**TASK PROMPT:** I'd like the data below restated word for word, with the pictures left out.

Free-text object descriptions

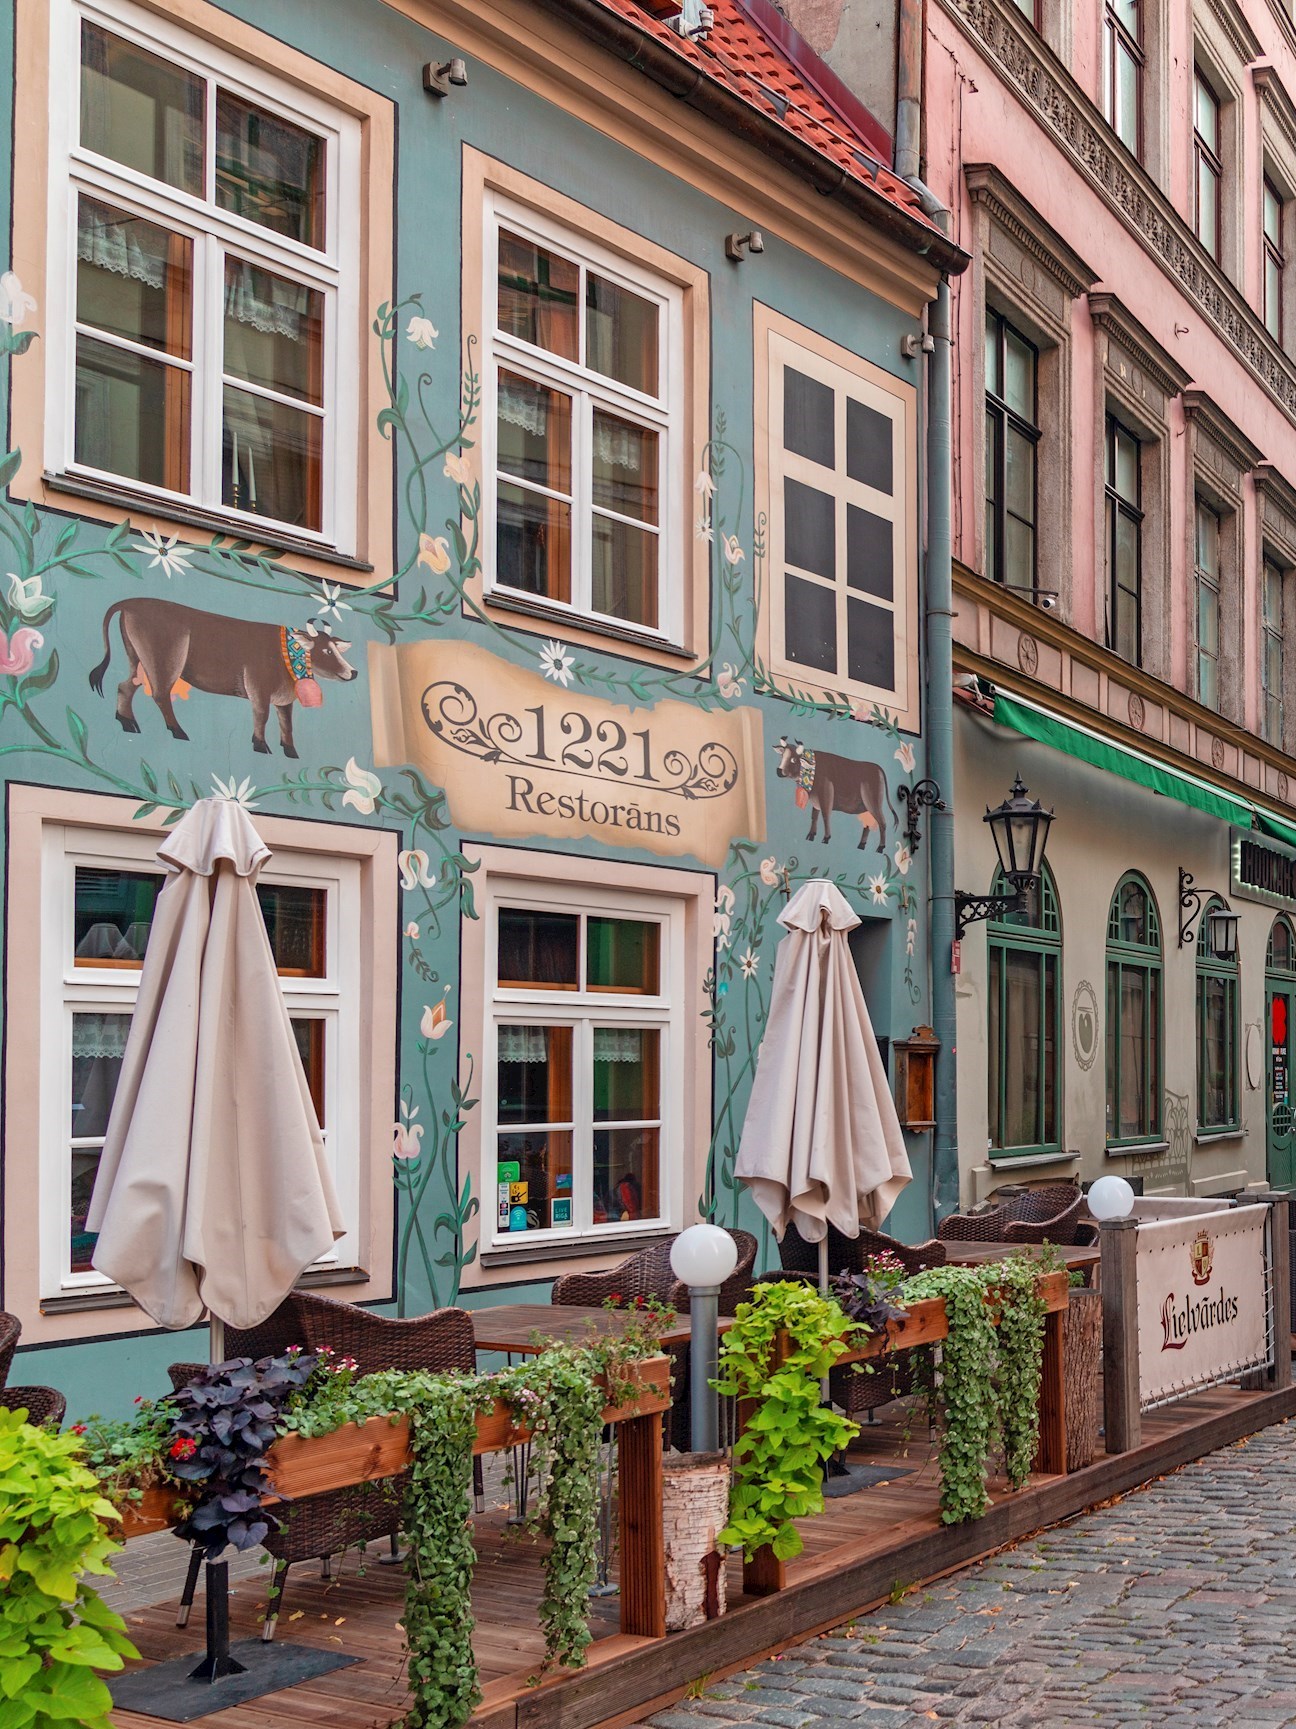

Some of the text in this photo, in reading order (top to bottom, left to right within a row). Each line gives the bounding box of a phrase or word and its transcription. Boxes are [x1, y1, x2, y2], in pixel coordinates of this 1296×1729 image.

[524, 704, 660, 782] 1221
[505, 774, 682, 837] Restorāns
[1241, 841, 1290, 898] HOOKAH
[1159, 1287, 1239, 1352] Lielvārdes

**YOUR SOLUTION:**
Some of the text in this photo, in reading order (top to bottom, left to right within a row). Each line gives the bounding box of a phrase or word and its transcription. Boxes are [x1, y1, x2, y2], in pixel coordinates of this 1296×1729 image.

[524, 704, 660, 782] 1221
[505, 774, 682, 837] Restorāns
[1241, 841, 1290, 898] HOOKAH
[1159, 1287, 1239, 1352] Lielvārdes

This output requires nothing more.